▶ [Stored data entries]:
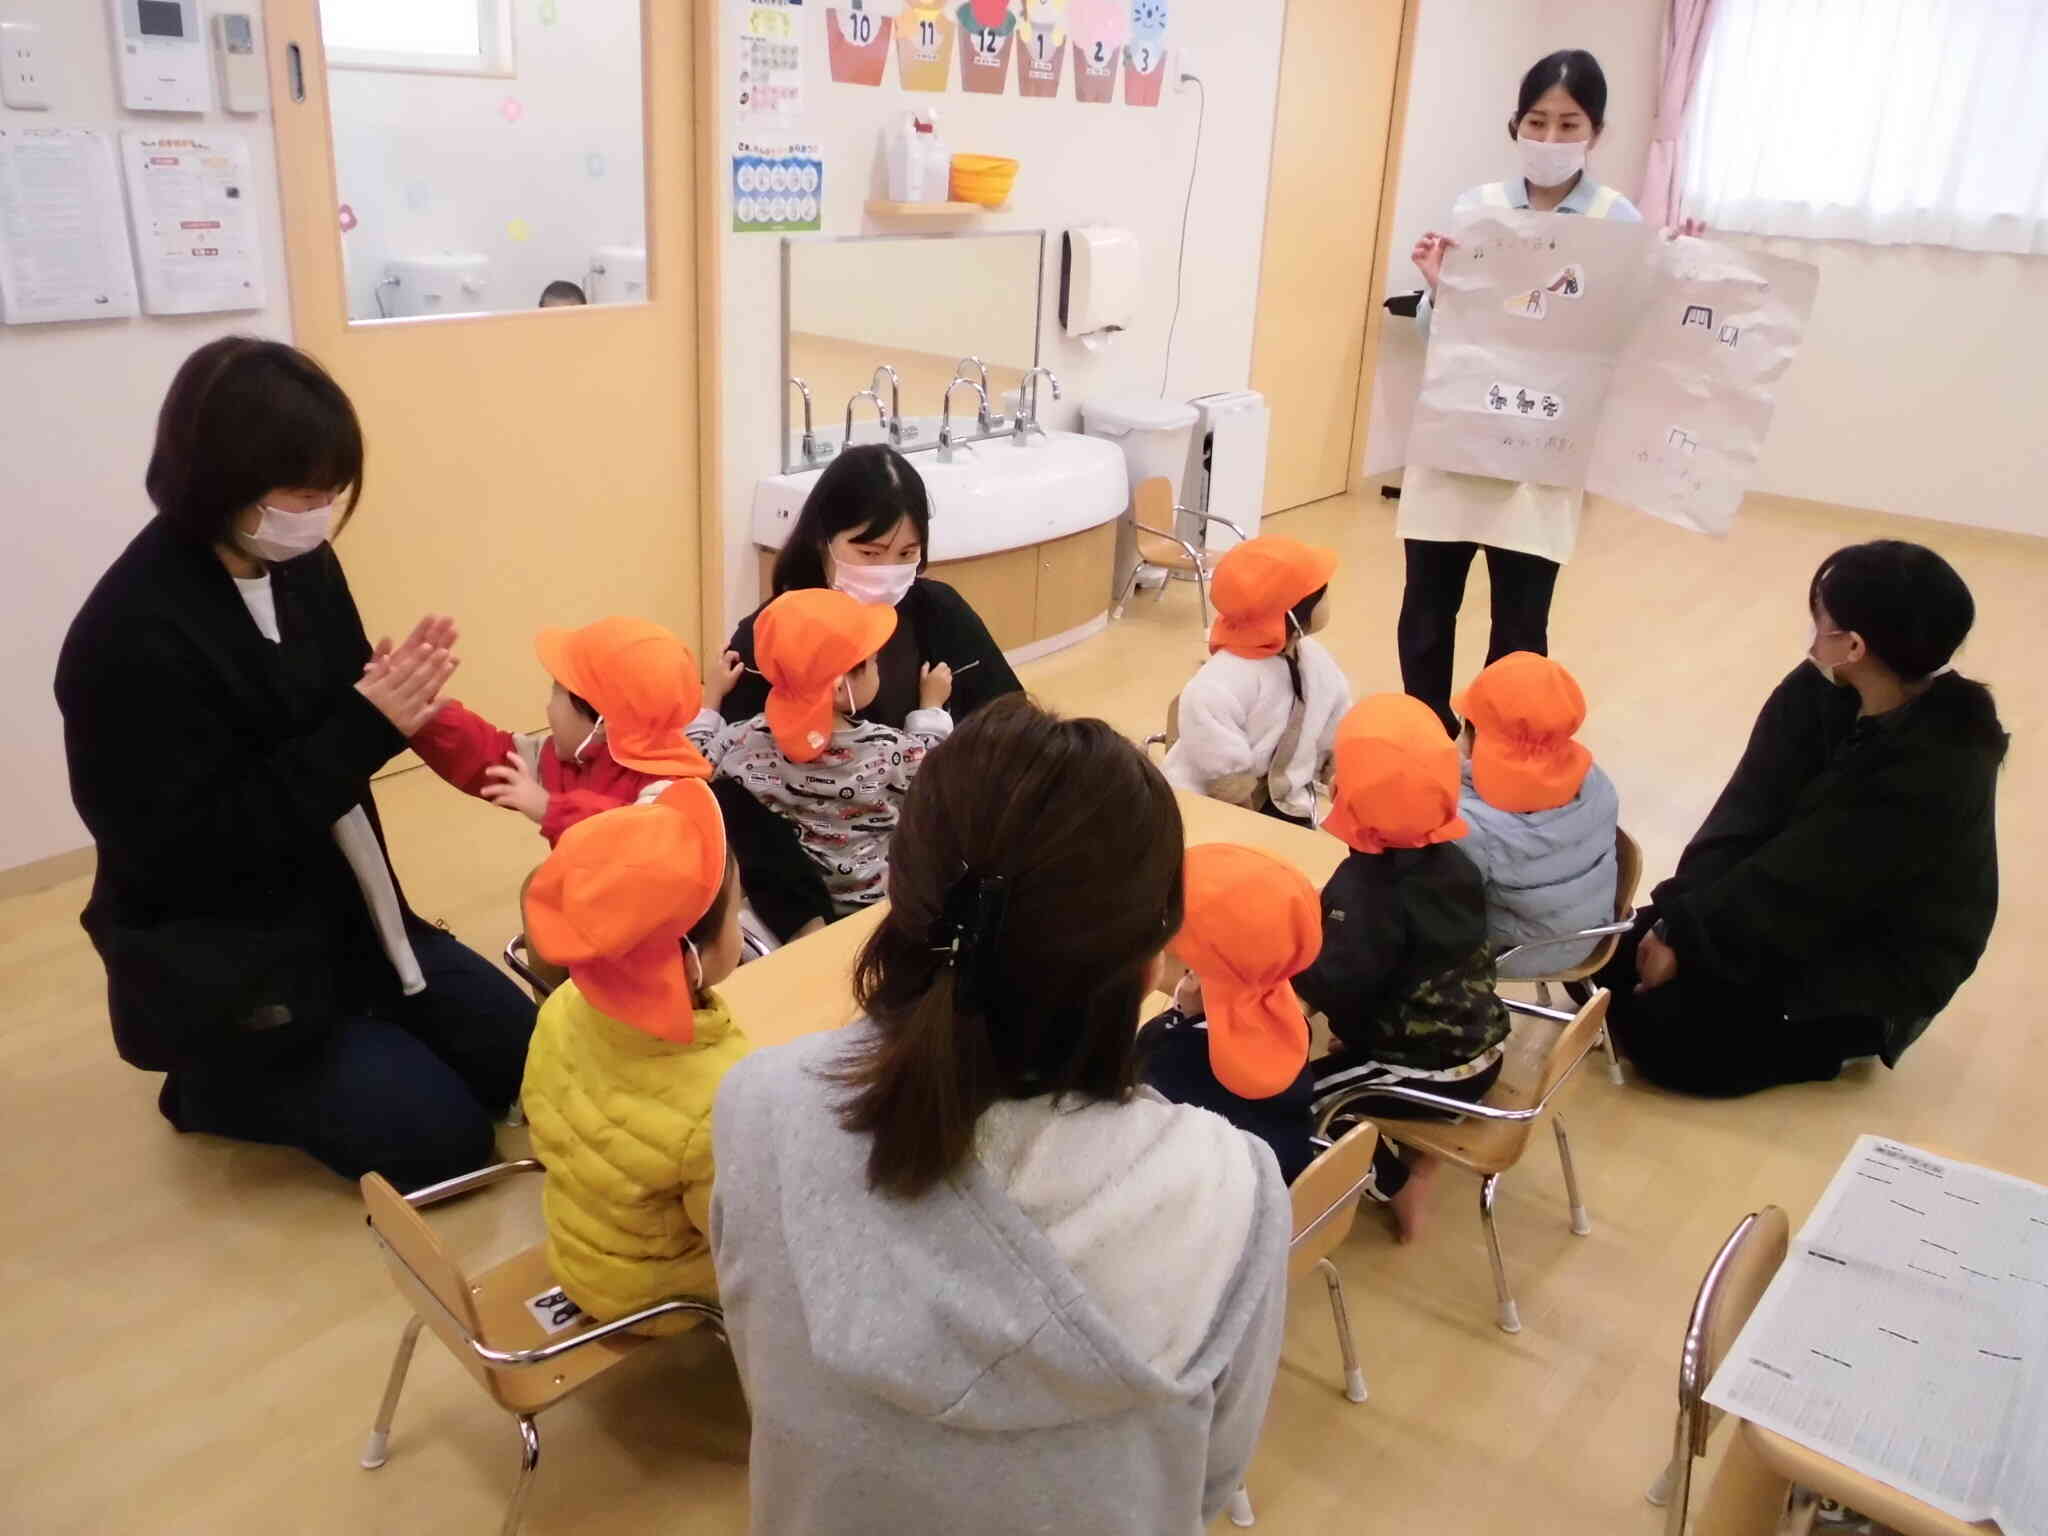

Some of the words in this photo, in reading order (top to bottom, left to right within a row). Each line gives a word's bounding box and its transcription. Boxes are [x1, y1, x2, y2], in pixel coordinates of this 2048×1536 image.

[850, 13, 870, 43] 10
[919, 20, 934, 46] 11
[980, 29, 997, 53] 12
[1037, 33, 1044, 60] 1
[1094, 41, 1104, 63] 2
[1141, 48, 1150, 72] 3
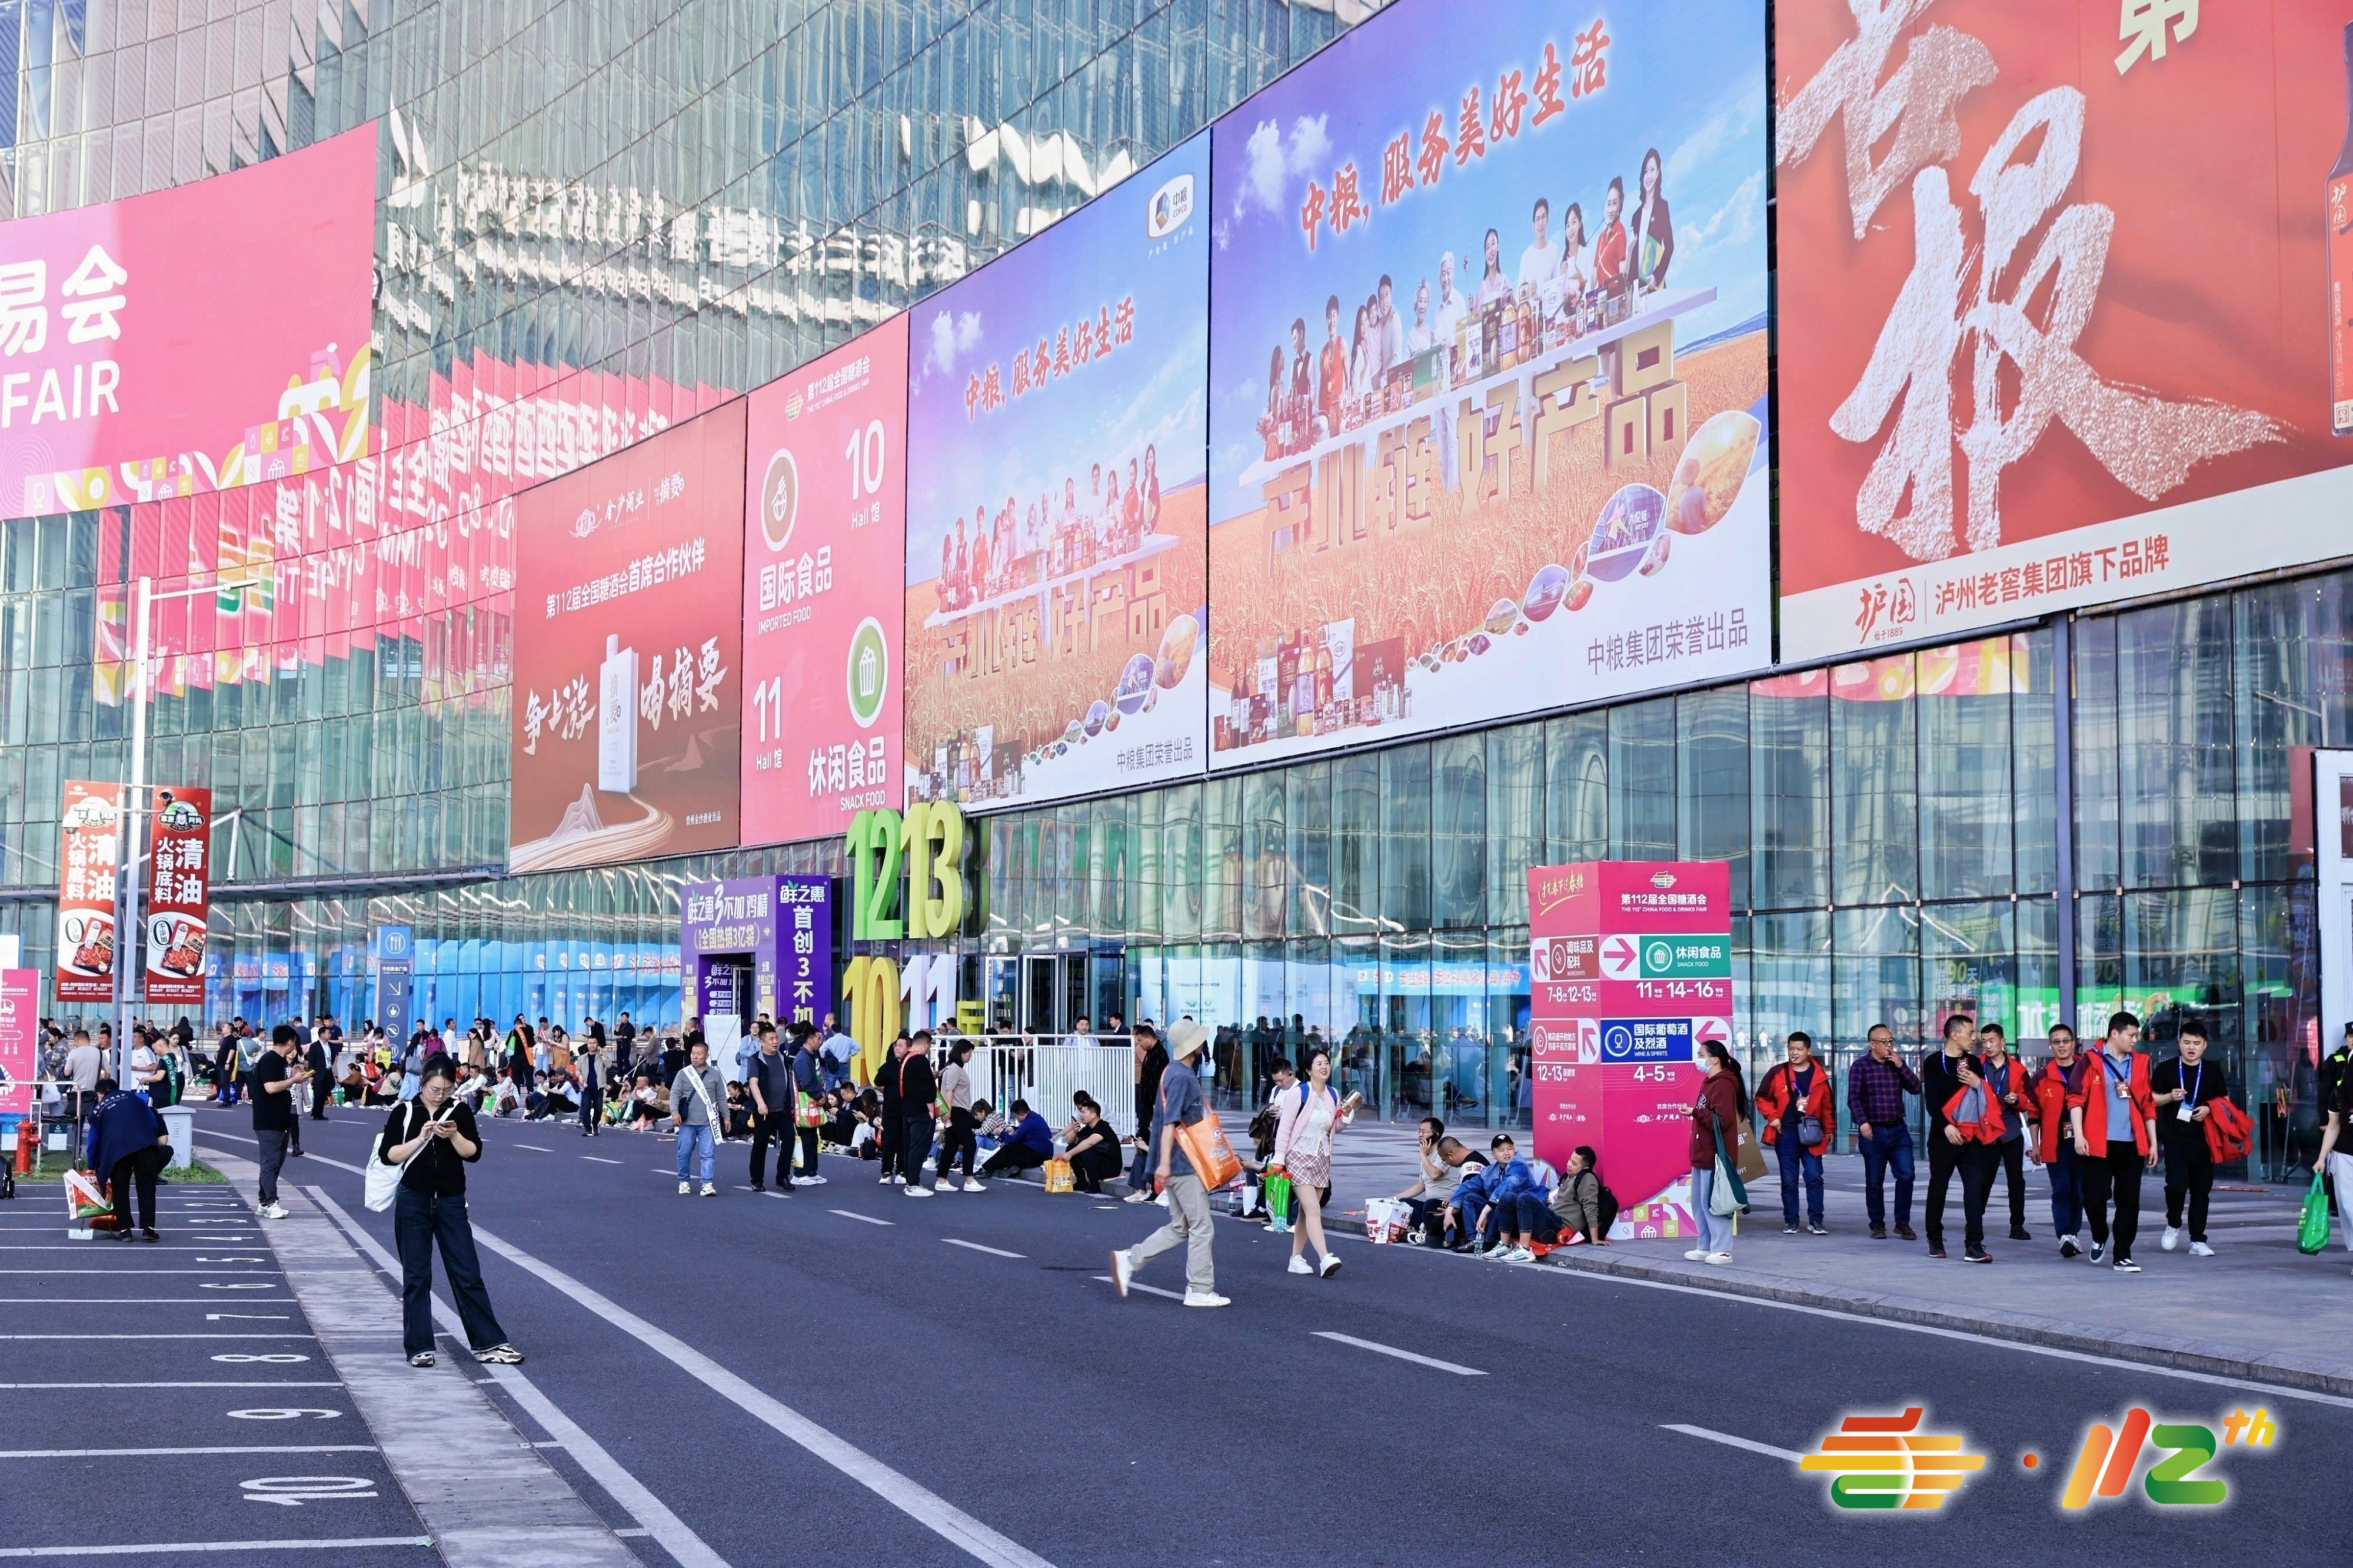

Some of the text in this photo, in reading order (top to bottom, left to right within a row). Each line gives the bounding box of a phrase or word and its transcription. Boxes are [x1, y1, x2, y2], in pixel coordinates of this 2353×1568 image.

▶ [What you need to do]:
Transcribe the entries above verbatim, omitting their pictures.

▶ [The answer]:
Some of the words in this photo, in reading order (top to bottom, left to right within a row). Each line gives a word's bounding box and its transcription. Boxes are [x1, y1, x2, y2], in pixel coordinates of this 2048×1536 image.

[850, 13, 870, 43] 10
[919, 20, 934, 46] 11
[980, 29, 997, 53] 12
[1037, 33, 1044, 60] 1
[1094, 41, 1104, 63] 2
[1141, 48, 1150, 72] 3

Some of the text in this photo, in reading order (top to bottom, left to right within a row). Each line gives the bounding box of a phrase or word and its transcription. Boxes are [x1, y1, x2, y2], in pixel coordinates of this 2353×1568 image.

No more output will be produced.